I laughed when others posted too much information or posted pictures of their ugly children on a constant. Mostly though I felt this weird sense of pride, as if I were better than everyone else. Sort of a 'look what happened to the prom queen', she's so fat now! I felt better about myself. Facebook made me feel better about myself. I for once, felt better than the prom queen, and now the prom queen wanted to be my BFF.
I realized though, that this world in Facebook stood there, and only there. As many people as I made connections with, or caught up with 10 years later, the connection never stepped beyond the virtual world.
After realizing my addiction was deep and likely unhealthy I had to be real with myself. Would I really hang out with the prom queen? No. Would I really hang out with the girl I was friends with in 4th grade? No to that too.
Then I asked myself, does any of this really matter? I'm a grown adult, with a life, a real relationship, and all in all I'm happy. Yet here in the virtual land of Facebook, I longed for this popularity and this feeling of fitting in with people I once never fit in with. I began sharing too much information, and over thinking my next status update. This ritual was nothing more than me wasting valuable time staring at a screen.
That is my first tip as far as this addiction goes. As yourself these questions, and if you can answer them honestly you've succeeded in realizing you have a problem. If you are reading this article, than you've already come to the realization that you have a problem.
So how do we fix the problem?
It is hard, like any addiction. I know a lot of folks would say that Facebook is not an addiction or a drug, however I compare it to just that. Facebook and similar social networking sites keep people coming back for more. Like a typical addict you cannot go a day without it. Facebook was just that for me. My addiction, my drug, my virtual reality and I knew I had to get away.
Weaning myself off of Facebook came in steps.
I knew like cigarettes, I could not go cold turkey, so instead I set up rules for myself; strict rules that I had to follow.
I only allowed myself to sign on once a day during the work week in the morning. I set a 1 hour time limit per day. Weekends were Facebook free.
Following this rule was not as difficult as I thought it would be, but I did find myself longing to log in at night when I got home and had nothing to do, or if I was bored.
-The next thing I did once I got accustom to my 1 hour per day time limit was to stop playing Facebook games that had a strong hold on me. I was signing in to Facebook a lot in order to play Cafe World, Farmville, Mafia Wars, PetVille, and FishVille.
I told myself, who cares if my virtual farm dies, or my fishville fish go belly up. Does it really matter? No!
Removing Facebook games from my life helped a lot, because now instead of needing to spend an hour on Facebook, I could cut my time down to a half hour a day.
Once the games were gone, and my time limit now set to a lower limit, I realized that Facebook was a real time killer, and was ashamed that I had spent so many hours on it in the past.
Soon the prom queens updates and pictures of her ugly kid were no longer relevant.

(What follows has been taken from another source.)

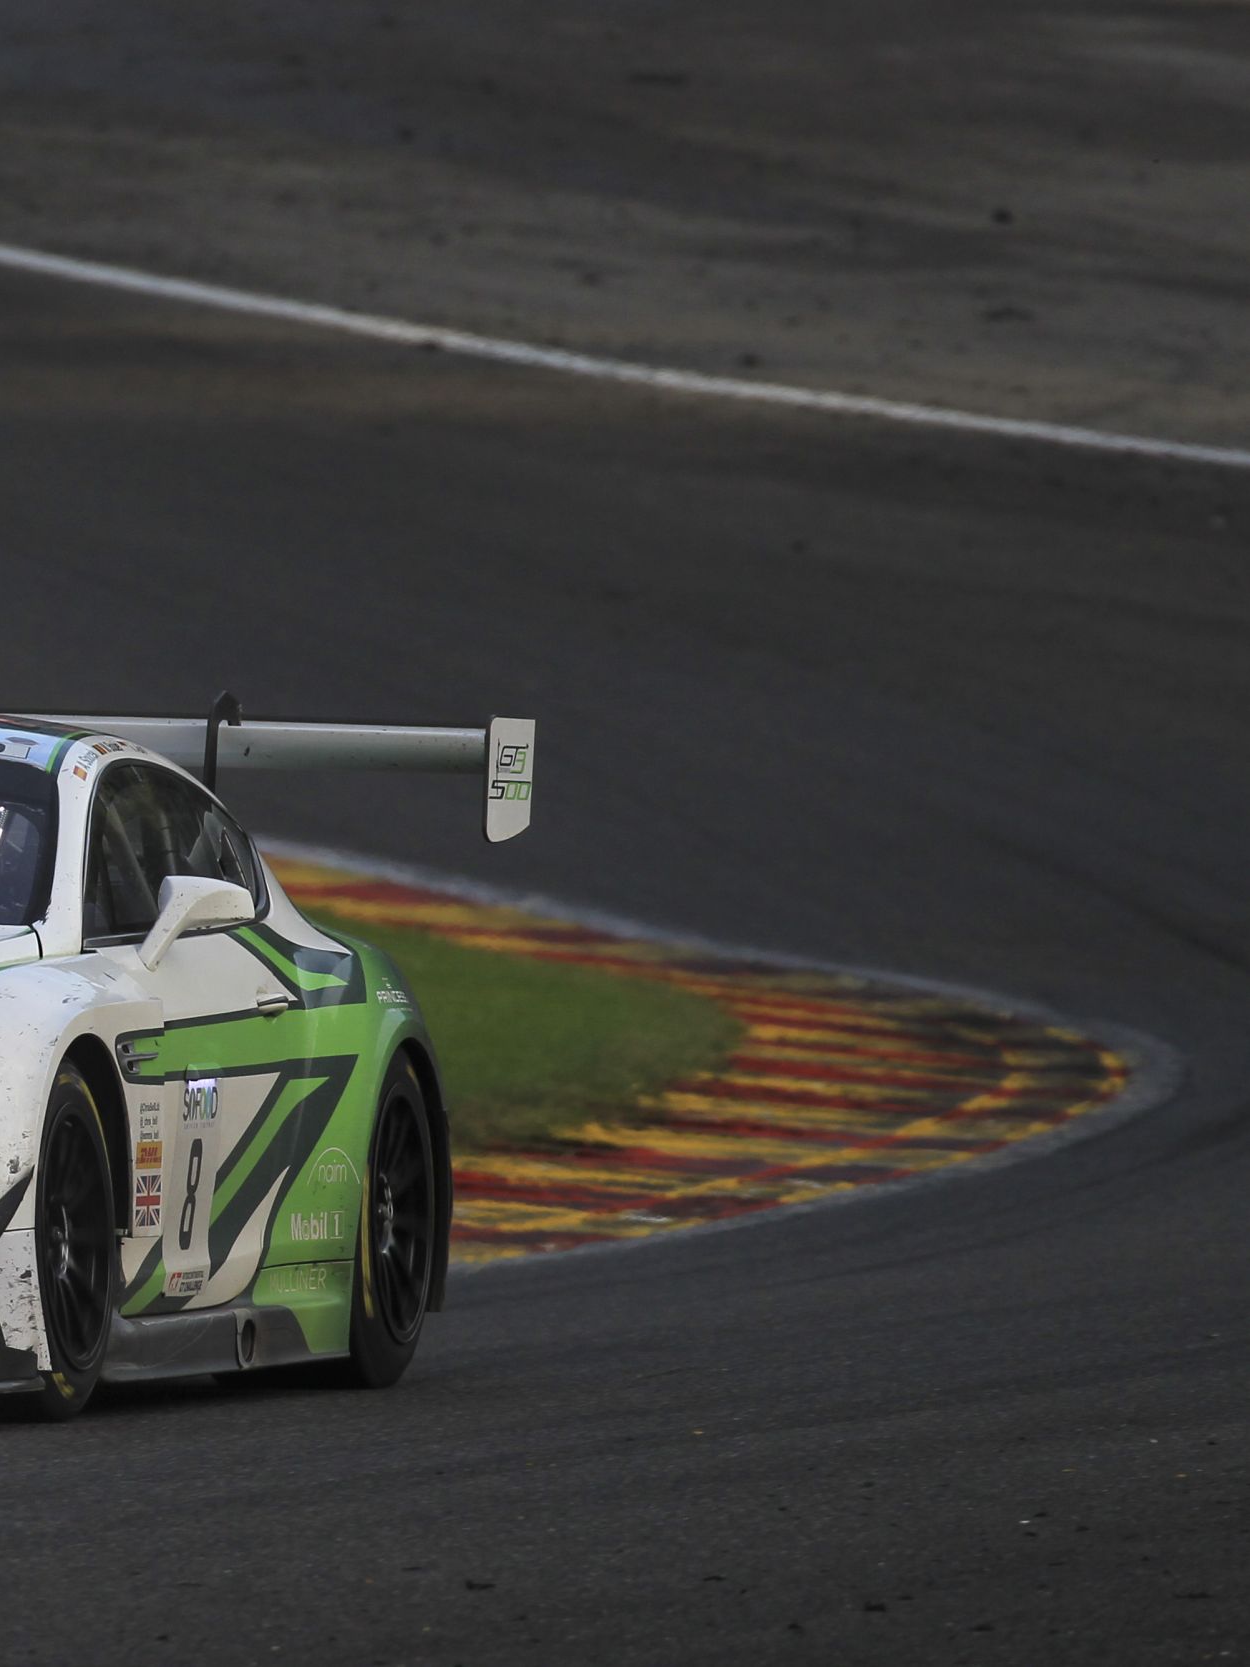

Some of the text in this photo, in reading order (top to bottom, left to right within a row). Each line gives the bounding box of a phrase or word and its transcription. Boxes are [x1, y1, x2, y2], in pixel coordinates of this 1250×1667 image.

The girl who I was friends with in 4th grade is pregnant... so? How irrelevant is this to my life? Nothing that went on, on Facebook was really relevant to my life.
When I realized that I decided to do a clean up of my friend list. The less information for me to divulge in, the less time I'd spend on the site.
I decided to delete everyone who I had not seen in over 3 years. If someone is vacant from your life for over 3 years, there is a good reason as to why. So being friends with them on a social networking site is just wasteful. I went through my list of 228, and removed everyone who was irrelevant to me.
In the end I came out with only 19 people who were relevant to my life. They included my family, close friends, and family friends. Everyone else just doesn't matter. When you are able to realize that, you will see that Facebook itself is pretty irrelevant and unnecessary to your life.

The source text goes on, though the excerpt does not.